NKF dialysis centre nurses can unblock catheters, saving diabetic patients trips to hospital

  When kidney failure patients’ dialysis catheter is blocked, they usually visit hospitals for treatment. This can take three to six days of hospitalisation, with dialysis disrupted as well.

  However, a new service by Singapore General Hospital (SGH) and the National Kidney Foundation (NKF) allows patients to have their catheter unblocked at NKF dialysis centres — and to resume dialysis on the same day.

  Dr Tan Ru Yu, Senior Consultant, Department of Renal Medicine, SGH, and the project’s co-lead, said: “With the right-siting of care, patients can receive treatment for their blocked catheters at the dialysis centre they go to and proceed with dialysis at the centre right after without having to make their way to the hospital. Our  partnership with NKF has also enabled SGH to focus on complex cases requiring immediate attention.”

  In Singapore, over 300,000 patients suffer from chronic kidney disease, but another 200,000 cases may be undetected as the patients have not undergone the blood  tests needed to confirm that they have a kidney problem. Nationwide, about 8,700 kidney failure patients are on dialysis, with six new patients diagnosed every day.

  The kidneys are important organs that remove excess fluids and toxins, control blood pressure, and encourage the production of red blood cells. When the kidneys fail and cannot do their work properly, dialysis can perform the function of removing excess fluids and toxins from the body. Fluid and toxin buildup can lead to death.

  In haemodialysis, an access has to be created for the blood to be drawn. Some patients use a central venous catheter inserted into a large vein in the neck, chest, or groin for dialysis to be done. The catheter can become blocked due to the formation of blood clots.

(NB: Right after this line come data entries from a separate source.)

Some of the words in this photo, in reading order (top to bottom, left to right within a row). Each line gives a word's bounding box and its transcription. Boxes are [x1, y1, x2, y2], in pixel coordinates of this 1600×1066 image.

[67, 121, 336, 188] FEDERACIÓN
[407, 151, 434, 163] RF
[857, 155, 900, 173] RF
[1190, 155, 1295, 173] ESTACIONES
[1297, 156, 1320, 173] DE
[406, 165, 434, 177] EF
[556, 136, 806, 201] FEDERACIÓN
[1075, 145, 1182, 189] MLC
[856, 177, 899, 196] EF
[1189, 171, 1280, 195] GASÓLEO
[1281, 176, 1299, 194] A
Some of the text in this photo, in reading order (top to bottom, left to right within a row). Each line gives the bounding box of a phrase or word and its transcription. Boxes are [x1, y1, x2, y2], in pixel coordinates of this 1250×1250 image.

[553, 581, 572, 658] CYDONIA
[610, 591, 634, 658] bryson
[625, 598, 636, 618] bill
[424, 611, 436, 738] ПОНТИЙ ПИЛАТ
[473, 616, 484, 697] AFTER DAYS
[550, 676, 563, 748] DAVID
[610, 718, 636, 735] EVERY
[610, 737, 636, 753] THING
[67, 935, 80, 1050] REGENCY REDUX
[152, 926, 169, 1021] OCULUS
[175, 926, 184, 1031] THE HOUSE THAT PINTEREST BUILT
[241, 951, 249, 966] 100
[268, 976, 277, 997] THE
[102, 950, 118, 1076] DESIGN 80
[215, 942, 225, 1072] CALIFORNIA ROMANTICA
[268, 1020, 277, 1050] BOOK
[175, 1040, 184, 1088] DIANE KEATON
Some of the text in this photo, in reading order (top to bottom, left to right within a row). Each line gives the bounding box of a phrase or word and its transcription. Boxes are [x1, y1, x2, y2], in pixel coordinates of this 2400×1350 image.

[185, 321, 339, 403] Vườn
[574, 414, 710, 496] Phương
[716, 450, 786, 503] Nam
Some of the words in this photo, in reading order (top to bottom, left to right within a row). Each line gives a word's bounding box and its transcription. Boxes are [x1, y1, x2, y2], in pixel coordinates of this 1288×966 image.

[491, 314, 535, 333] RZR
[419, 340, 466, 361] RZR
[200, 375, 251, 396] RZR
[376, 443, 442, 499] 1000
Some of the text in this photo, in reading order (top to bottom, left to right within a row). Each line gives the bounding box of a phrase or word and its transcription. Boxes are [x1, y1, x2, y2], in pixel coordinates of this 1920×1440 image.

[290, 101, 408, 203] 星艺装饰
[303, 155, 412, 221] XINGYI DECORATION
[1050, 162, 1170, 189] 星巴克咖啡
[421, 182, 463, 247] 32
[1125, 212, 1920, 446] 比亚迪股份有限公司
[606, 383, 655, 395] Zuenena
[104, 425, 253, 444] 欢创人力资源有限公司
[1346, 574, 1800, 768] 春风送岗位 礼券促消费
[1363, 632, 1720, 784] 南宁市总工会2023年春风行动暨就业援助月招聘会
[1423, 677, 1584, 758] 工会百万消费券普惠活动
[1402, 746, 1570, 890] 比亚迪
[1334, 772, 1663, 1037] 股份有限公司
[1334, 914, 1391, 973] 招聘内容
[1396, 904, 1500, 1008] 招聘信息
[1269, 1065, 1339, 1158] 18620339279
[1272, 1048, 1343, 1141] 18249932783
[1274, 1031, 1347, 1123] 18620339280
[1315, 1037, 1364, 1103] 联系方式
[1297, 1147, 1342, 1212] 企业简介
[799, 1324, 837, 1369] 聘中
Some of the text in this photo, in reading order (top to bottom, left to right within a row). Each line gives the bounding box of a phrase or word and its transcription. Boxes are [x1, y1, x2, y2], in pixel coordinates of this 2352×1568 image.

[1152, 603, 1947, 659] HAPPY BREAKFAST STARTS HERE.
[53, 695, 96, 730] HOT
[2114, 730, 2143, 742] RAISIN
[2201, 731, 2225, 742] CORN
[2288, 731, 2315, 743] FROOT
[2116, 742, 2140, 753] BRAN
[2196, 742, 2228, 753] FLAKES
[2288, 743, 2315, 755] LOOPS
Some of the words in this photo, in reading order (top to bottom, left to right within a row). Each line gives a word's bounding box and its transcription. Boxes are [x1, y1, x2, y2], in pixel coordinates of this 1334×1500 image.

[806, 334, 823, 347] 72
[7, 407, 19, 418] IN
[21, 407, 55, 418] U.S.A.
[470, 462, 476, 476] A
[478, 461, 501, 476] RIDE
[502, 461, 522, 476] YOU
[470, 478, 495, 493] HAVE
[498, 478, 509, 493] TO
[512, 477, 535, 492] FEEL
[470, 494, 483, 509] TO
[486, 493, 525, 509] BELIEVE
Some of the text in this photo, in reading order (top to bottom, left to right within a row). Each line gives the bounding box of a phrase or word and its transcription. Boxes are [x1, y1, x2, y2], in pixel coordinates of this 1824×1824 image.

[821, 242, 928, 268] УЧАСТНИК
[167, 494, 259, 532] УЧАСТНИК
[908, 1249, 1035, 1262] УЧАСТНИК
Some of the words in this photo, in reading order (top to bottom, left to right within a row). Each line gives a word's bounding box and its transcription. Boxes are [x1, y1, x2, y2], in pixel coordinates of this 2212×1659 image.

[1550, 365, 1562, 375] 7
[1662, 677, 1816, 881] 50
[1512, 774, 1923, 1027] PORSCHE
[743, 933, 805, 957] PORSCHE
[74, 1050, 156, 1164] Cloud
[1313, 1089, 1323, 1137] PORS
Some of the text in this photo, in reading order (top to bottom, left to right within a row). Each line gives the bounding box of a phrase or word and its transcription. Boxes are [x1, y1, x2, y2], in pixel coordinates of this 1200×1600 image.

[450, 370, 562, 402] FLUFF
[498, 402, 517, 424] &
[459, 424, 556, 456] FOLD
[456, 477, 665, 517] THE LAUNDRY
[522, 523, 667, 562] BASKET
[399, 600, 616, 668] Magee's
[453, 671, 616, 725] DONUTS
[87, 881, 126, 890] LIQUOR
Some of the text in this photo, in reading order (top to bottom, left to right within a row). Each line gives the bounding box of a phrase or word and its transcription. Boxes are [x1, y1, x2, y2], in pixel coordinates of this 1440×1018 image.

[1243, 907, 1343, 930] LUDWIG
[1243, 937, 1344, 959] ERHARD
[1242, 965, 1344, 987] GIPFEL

  When this occurs, patients are usually referred to hospitals’ emergency department. They are then admitted to a ward and administered with thrombolytic agents to break up or dissolve the blood clots. These patients would then need to wait for an available slot for dialysis at the hospital. If dialysis is successful, the patient is discharged the following day, which means an average hospital stay of three days  .

  If the blood is still not flowing smoothly through the catheter after the procedure, the patient will have to undergo a catheter replacement and dialysis before being discharged. With the waiting times for the various procedures, the patient’s hospital stay can be as long as six days .

  In addition to delayed haemodialysis and disruption to a patient’s routine, a trip to the hospital means additional travel time and hospitalisation costs. For the hospital, such cases add to congestion and care demands at the emergency department. SGH sees about 100 patients yearly for blocked catheters.

  The SGH-NKF Catheter Flow Restoration with Lytic Dwell at Community Dialysis Centre project (CLEAR) was launched in December 2022. Since then, SingHealth nephrologists have trained more than 100 NKF nurses to administer the treatment, said Ms Lucy Lu, Senior Nurse Manager, NKF. The doctors training the nurses include Dr Tan, Dr Pang Suh Chien, Senior Consultant, Department of Renal Medicine, SGH, and Dr Charles Ng, Associate Consultant, Renal Medicine  Department, Changi General Hospital (CGH).

  NKF, the largest dialysis provider in Singapore, operates 41 centres for some 4,642 patients, or 60 per cent of all haemodialysis patients in Singapore. Of these, more than 700 patients undergo dialysis via a central venous catheter. Before the implementation of CLEAR, some 50 patients were referred to a hospital every month for catheter flow issues.

  Patients keen to participate in the project are screened for  eligibility based on criteria like risk of bleeding. Patients not on the programme will continue to be referred to emergency departments for catheter blockage.
  Other public hospitals — CGH, Alexandra Hospital, Khoo Teck Puat Hospital, National University Hospital, Ng Teng Fong General Hospital, Sengkang General Hospital and Tan Tock Seng Hospital — have joined the service, which is supported by the Ministry of Health.